Highway 154 continues to be a “blood alley” for commuters

The Channels Opinion Pages | STAFF COLUMN

JAMES THOMPSON, Channels Staff

I am not your typical City College student. I do not live in on Del Playa or on the Mesa. In fact I am not even a resident of this city.

Actually I live in Santa Ynez, which is about 30 miles northwest of Santa Barbara City College. I don’t deal with the typical Isla Vista party scene and I don’t have a short leisurely commute to school.

Instead I have a commute that can take up to an hour, riding along the treacherous California Highway 154 otherwise known as the San Marcos Pass or Chumash Highway. Those that are familiar with this rural two-lane road will now understand what I’m getting at. Those that are not have probably heard horror stories or seen in the news the carnage that occurs on it on a regular basis.

This mountain pass is the most direct route between the Santa Barbara area and the Santa Ynez Valley. It is also a shorter route for motorists heading farther north than going all the way around on U.S. Highway 101. With the proliferation of navigation devices and the growing traffic being drawn to tourist attractions such as the Chumash Casino Resort, this little two-lane highway often operates at above the capacity that it was designed for.

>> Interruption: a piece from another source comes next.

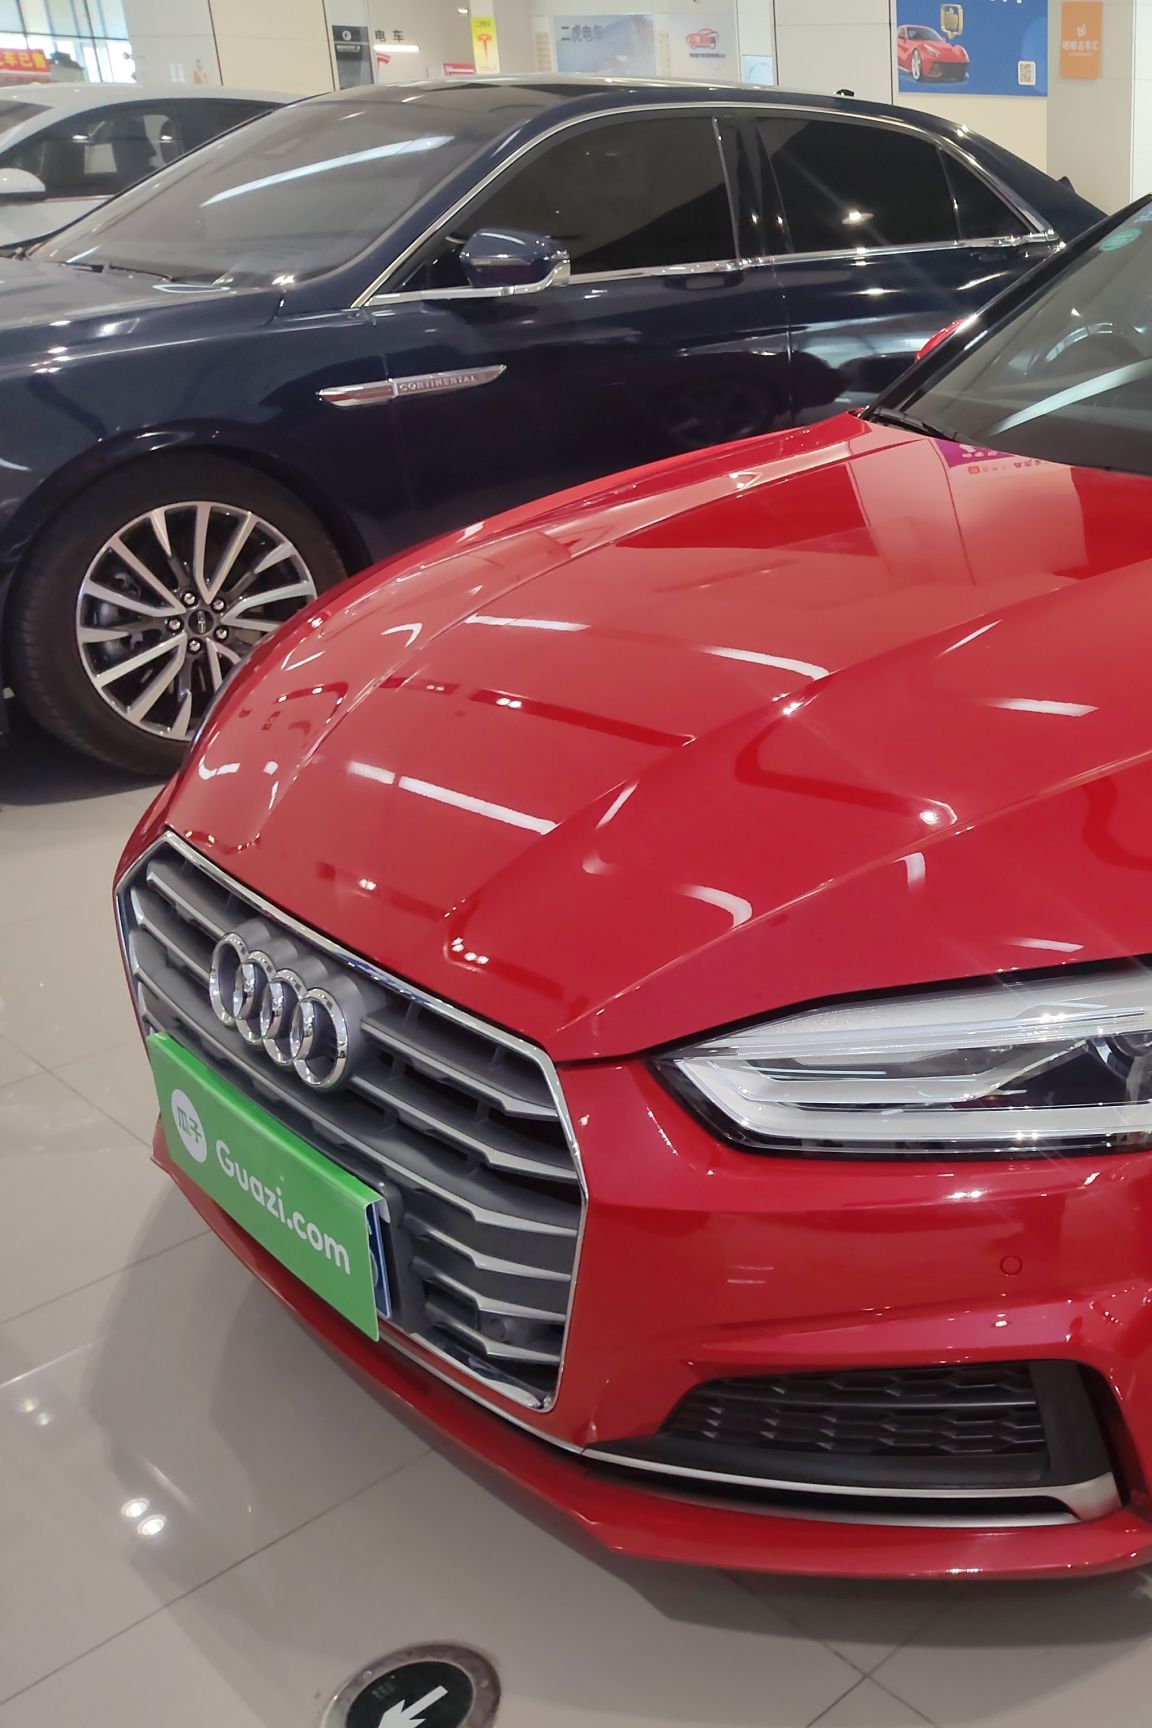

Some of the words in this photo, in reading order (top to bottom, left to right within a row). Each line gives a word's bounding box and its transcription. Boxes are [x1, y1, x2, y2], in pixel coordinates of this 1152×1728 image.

[399, 375, 477, 392] CONTINENTAL
[176, 1106, 203, 1144] 瓜子
[215, 1139, 352, 1275] Guazi.com

After all it did used to be an old stagecoach route. With only a couple passing lanes in each direction cars often get lined up behind one slow moving vehicle that insists on driving at or below the speed limit. This often causes other drivers to get impatient and attempt to pass long lines of cars at high rates of speed. I have been on both ends of this spectrum during my time commuting over “the pass” to City College.

During my first semester, an inattentive double-yellow-line-crossing mini-van driver briefly turned my morning commute into an impromptu World Rally Cross stage.

About a year later after sleeping through my alarm for a final I was forced into a situation that led me to commit some serious Paul Walker style “Fast and Furious” lane switching on my way to school. I won’t say how fast I made it down to campus but let’s just say I did not fail the class.

So many problems plaque this road that even tourists coming to the valley often comment on how dangerous they think it is. Little do they realize they are actually one of the biggest problems. Most are not familiar with the road and drive at a truly draconian pace while us locals can happily zip along its twists and turns at speeds that would likely impress most Formula One drivers.

The double yellow line seems to be there as just a suggestion to most of us, not an authority.

What makes it more ridiculous is no matter how many cars pass, it’s almost inevitable getting caught behind another group of Sunday drivers and the people you whizzed past will pull up to the stoplight at State Street next to you expressing displeasure at your Indy 500 driving style most commonly in the form of the middle finger salute. However this is only true for those who make it the entire distance in one piece.

The entire 35-mile segment of highway has such a high fatal crash rate that it is widely regarded as one of the most dangerous roads in California.

However this has only created more accidents (albeit of less severe nature) due to many drivers failing to adhere to simple right of way laws.

Highway underpasses with on and off ramps would be extremely costly and would require significant construction lasting several years. Over the years, millions of taxpayer dollars have already been spent on funding safety improvements on the highway by adding passing lanes and wider shoulders in some areas but the amount of fatal accidents has not subsided. Since any solution to this problem is going to be very costly for the county and for the state, it is unlikely that any major changes will come to the highway in quite some time.

In the meantime, U.S. Highway 154 will continue to function as a blood alley.